Russia will send its top diplomat to North Korea for discussions on a range of topics, including the rogue nation's nuclear weapons program, as uncertainty remains over a potential meeting between leader Kim Jong Un and U.S. President Donald Trump.

Pyongyang has invited Moscow's Foreign Minister Sergei Lavrov to meet his North Korean counterpart Ri Yong Ho, North Korea's government-run KCNA news agency reported on Wednesday. The Russian foreign ministry confirmed the report and accepted the invitation in a statement shortly after.

"The negotiations are planned between the foreign policy institutions' heads, over the course of which they will likely discuss the bilateral agenda, opinions on the situation around the Korean Peninsula situation and other key international as well as regional problems," the statement from the Russian ministry said.

Related: Russia tells Trump to be the bigger man and step back from North Korea

Moscow announced Lavrov's trip will take place on Thursday but did not specify where Ri would receive him.

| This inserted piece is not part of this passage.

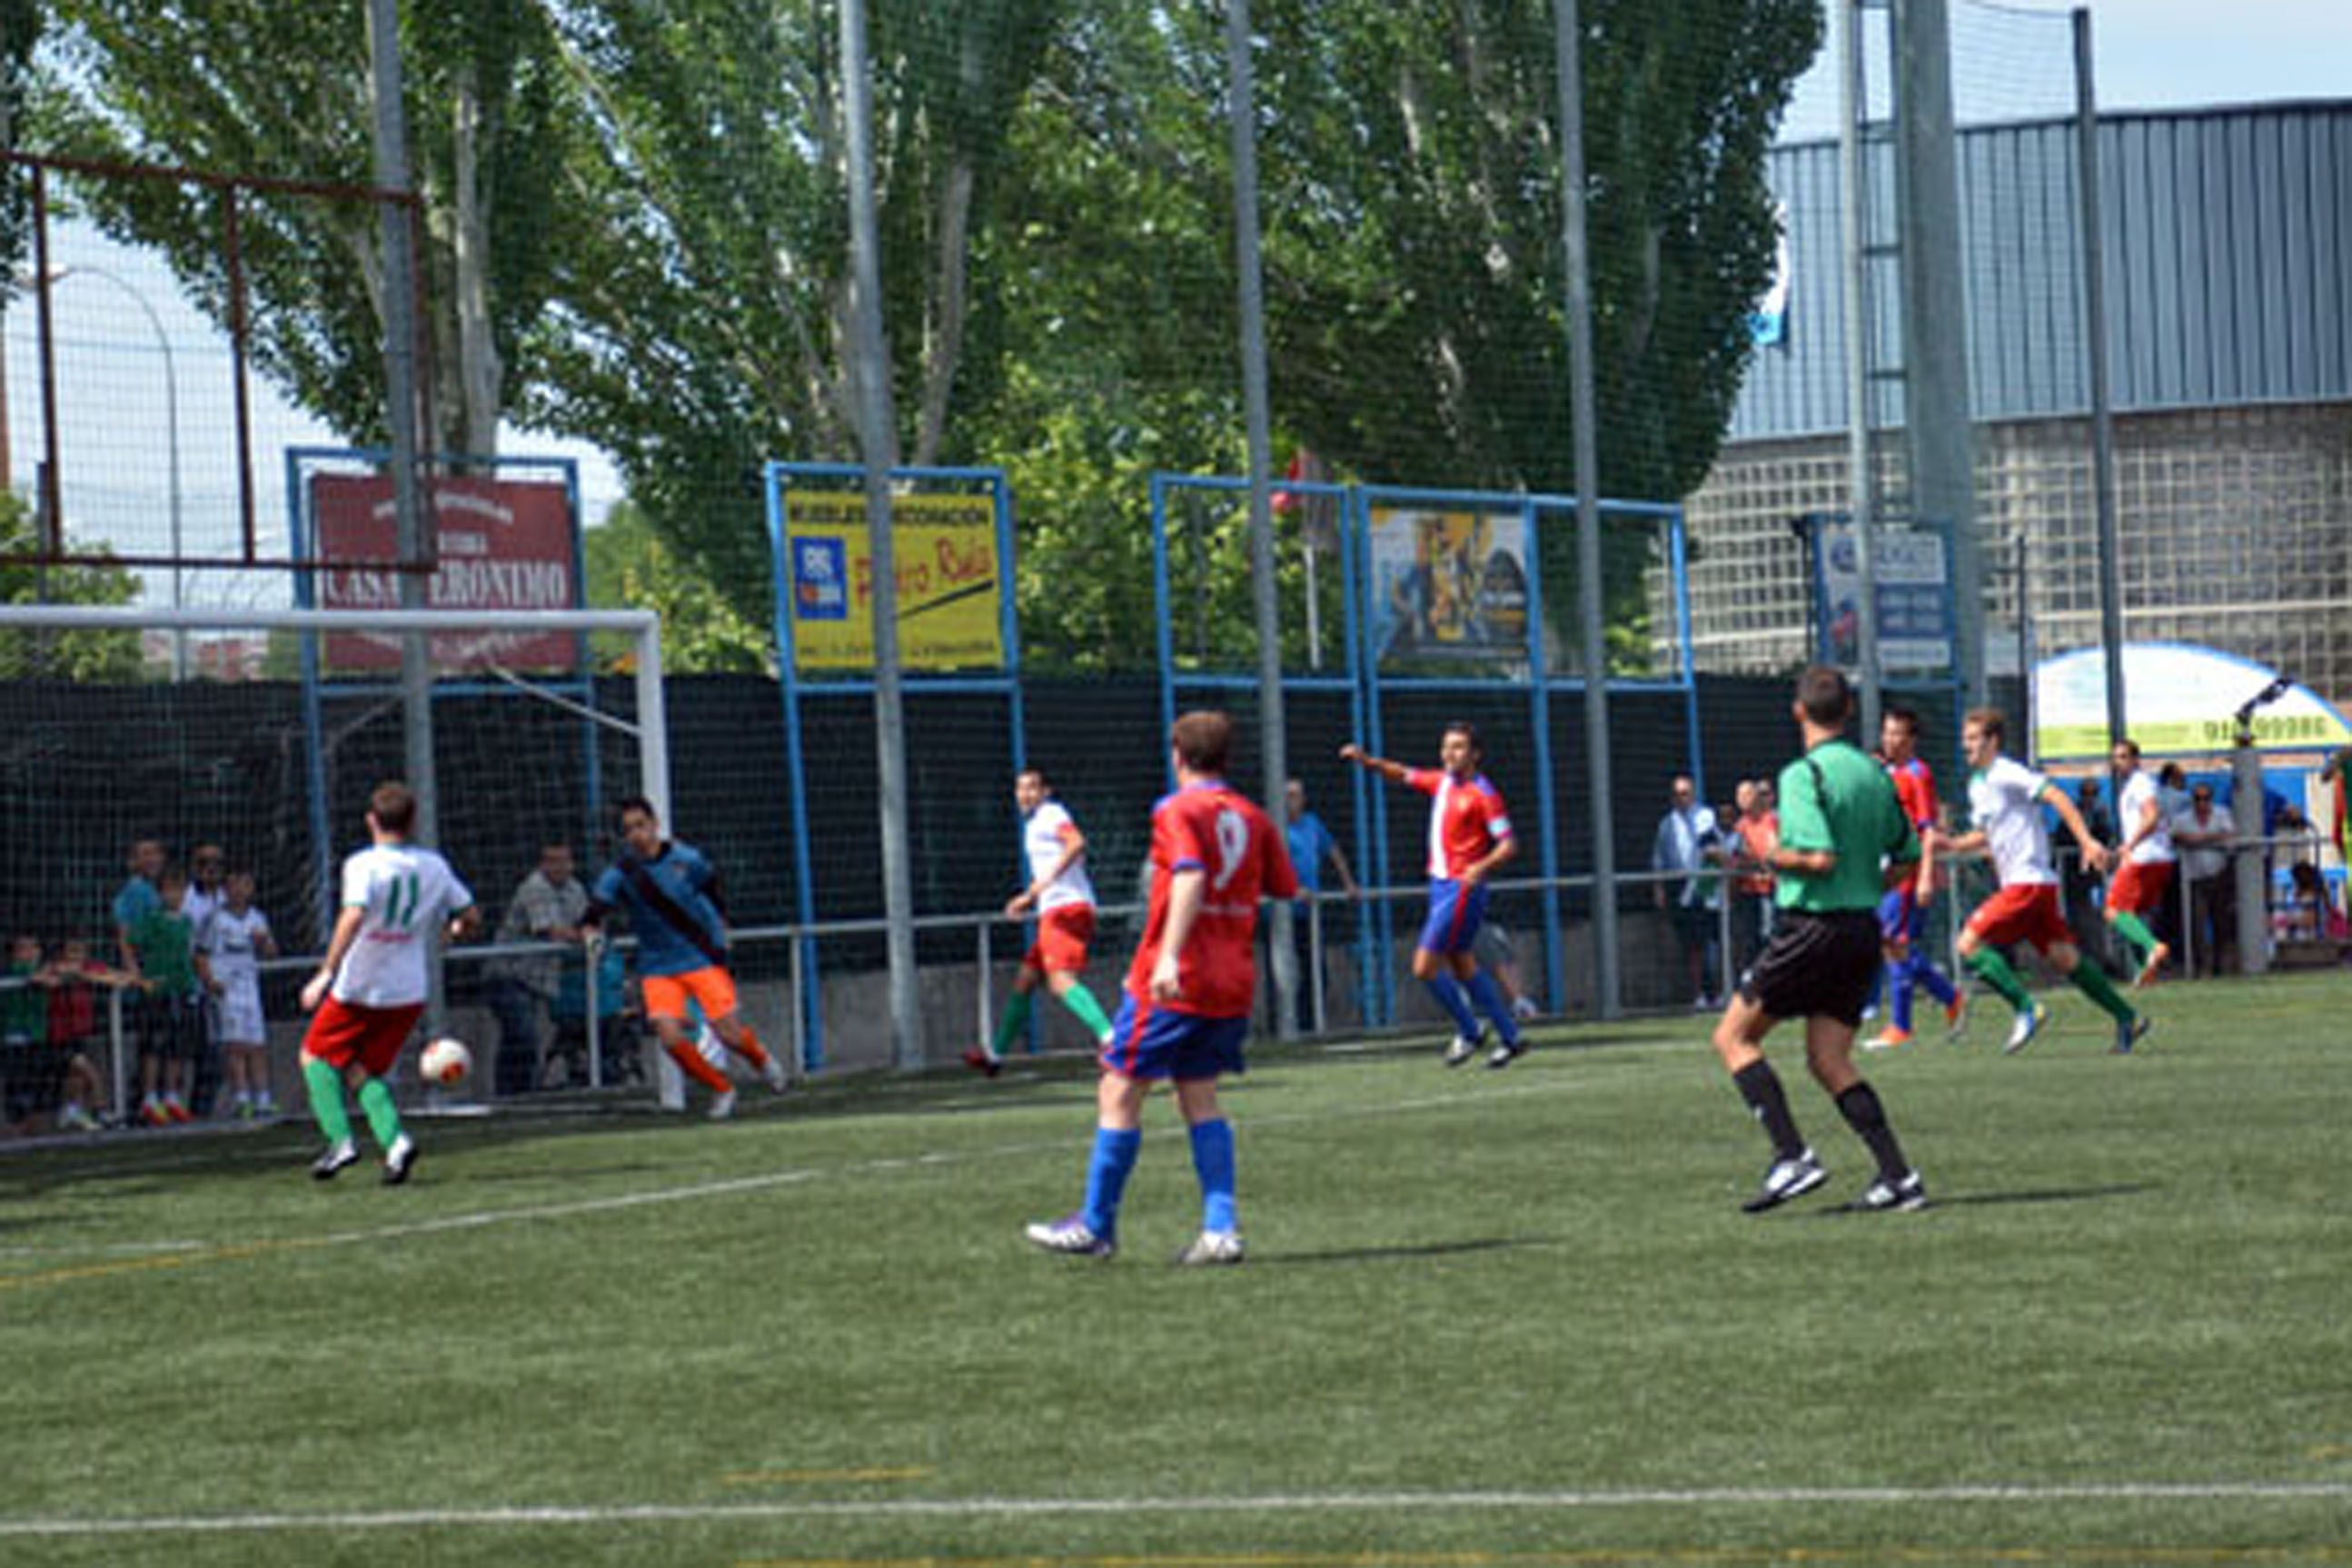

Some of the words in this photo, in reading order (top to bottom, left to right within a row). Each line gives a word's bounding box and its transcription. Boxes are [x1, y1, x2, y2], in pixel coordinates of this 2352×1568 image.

[429, 560, 567, 607] ERONIMO
[1215, 809, 1247, 890] 9
[384, 871, 419, 927] 11

Russia has repeatedly moved to insert itself into the conflict resolution process between North Korea and its partner China, as well as South Korea and its ally the United States. Although Moscow has consistently endorsed a Chinese sponsored road map to resolving the conflict, Russian officials have made several attempts to show their country is a participant in its own right.

Russian Foreign Minister Sergei Lavrov stands on the balcony before a meeting of President Vladimir Putin with French President Emmanuel Macron (both not pictured) at the Konstantin Palace in Strelna, Russia, outside St. Petersburg, on May 24. Lavrov will now visit North Korea, according to a ministry statement. Grigory Dukor/AFP/Getty Images

Although the U.S. and North Korean governments have been discussing a historic summer meeting between their two leaders for weeks, Russia's foreign ministry offered its services as a peace broker between North and South Korea last month.

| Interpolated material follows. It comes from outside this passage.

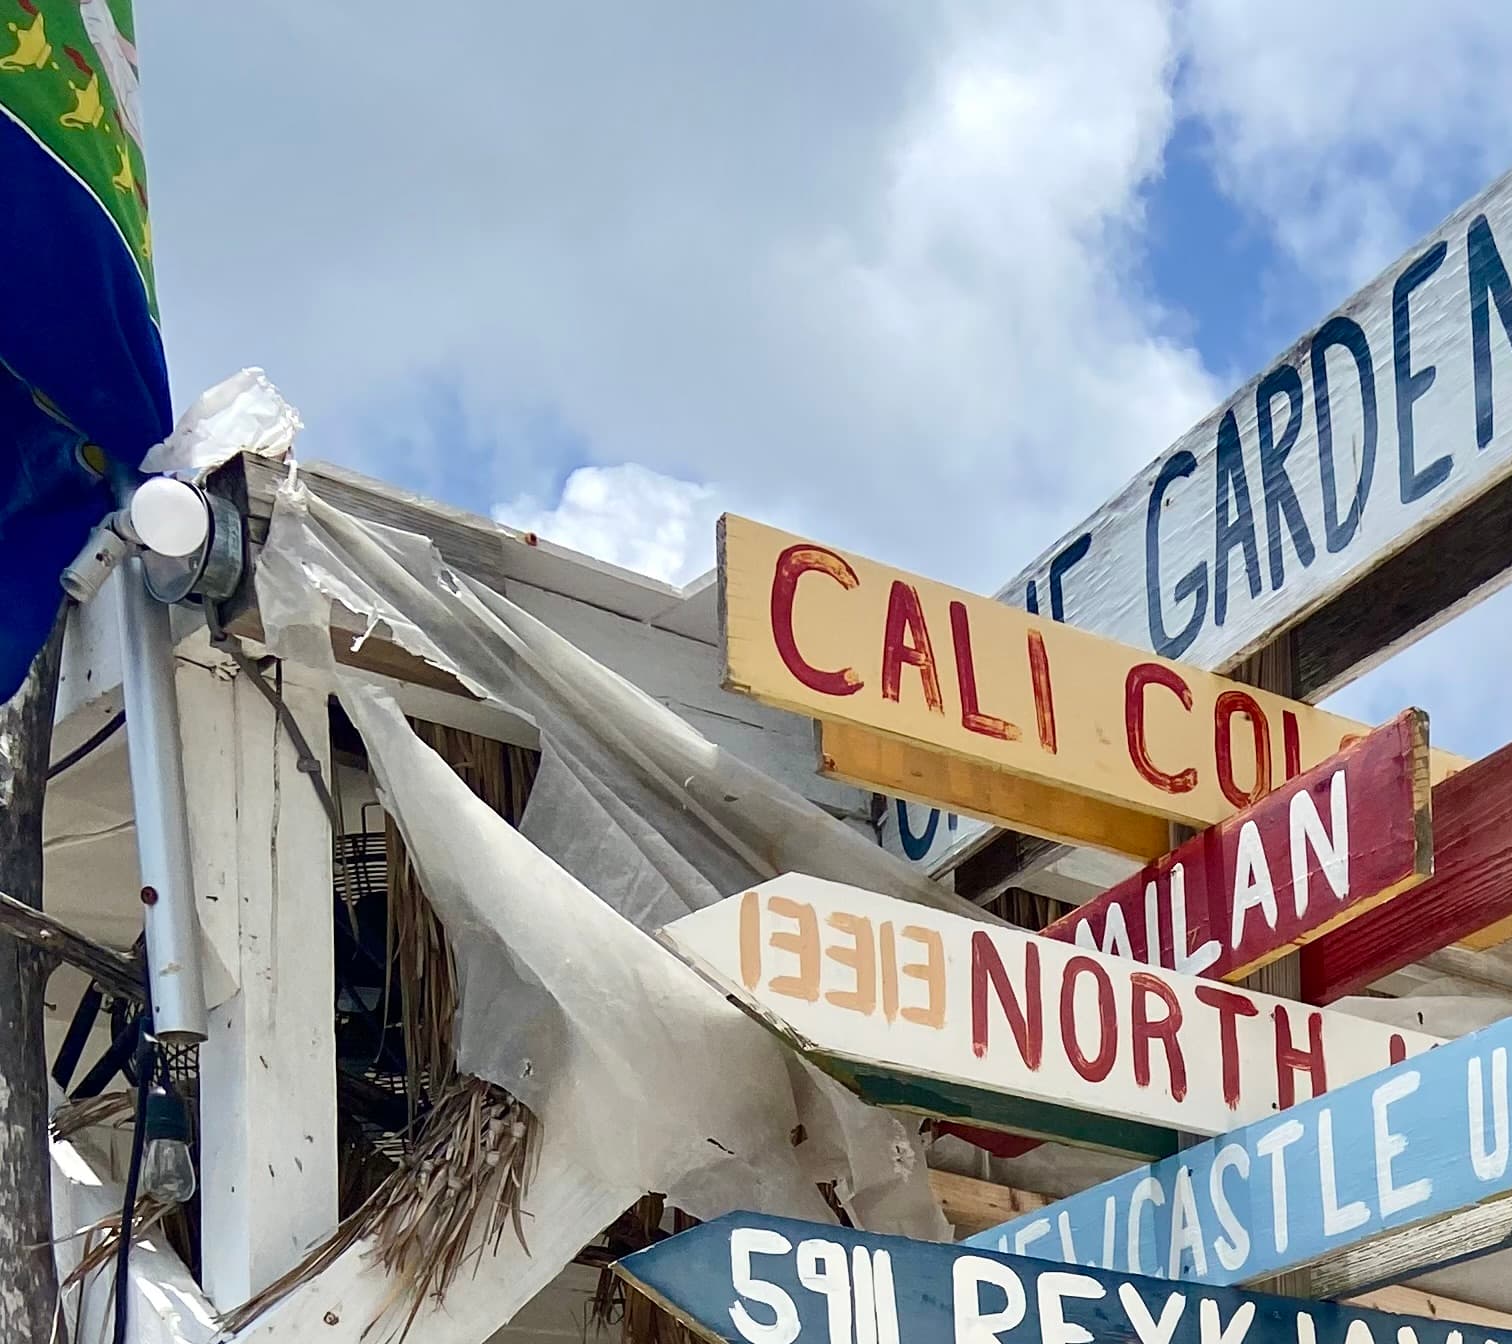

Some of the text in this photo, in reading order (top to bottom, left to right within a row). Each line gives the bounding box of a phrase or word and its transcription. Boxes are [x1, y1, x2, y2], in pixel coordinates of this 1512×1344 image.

[771, 544, 1057, 754] CALI
[1075, 770, 1350, 975] MILAN
[971, 931, 1326, 1111] NORTH

Russian President Vladimir Putin notably tried to entice North Korea's supreme leader Kim Jong Un to make Moscow the destination of his first foreign visit in 2015—an eventuality that experts warned could appear to be a swipe against Pyongyang's traditional friend China. Kim reportedly accepted the invitation but did not attend the event for reasons that remain unclear.

A large delegation of Russian lawmakers made a visit to Pyongyang late last year and returned making bold claims about their country's clout in resolving the conflict. One of the delegates told Russian media that North Korean officials gave him the impression that Russia is "the only state which, in my opinion, Pyongyang still trusts."

How capable Moscow is of spearheading a real change around North Korea, and how much its actions are motivated by the appearance of influence is uncertain. Russian independent experts have cast doubt over how likely the Kremlin is to take the lead over any North Korea resolution efforts.

"Russia doesn't have that much skin in the game and has not that many tools to influence the situation, so the Kremlin is comfortable following China's lead on North Korea," Alexander Gabuev, chair of Russia in the Asia-Pacific Program at the Carnegie Moscow Center, told Newsweek in August.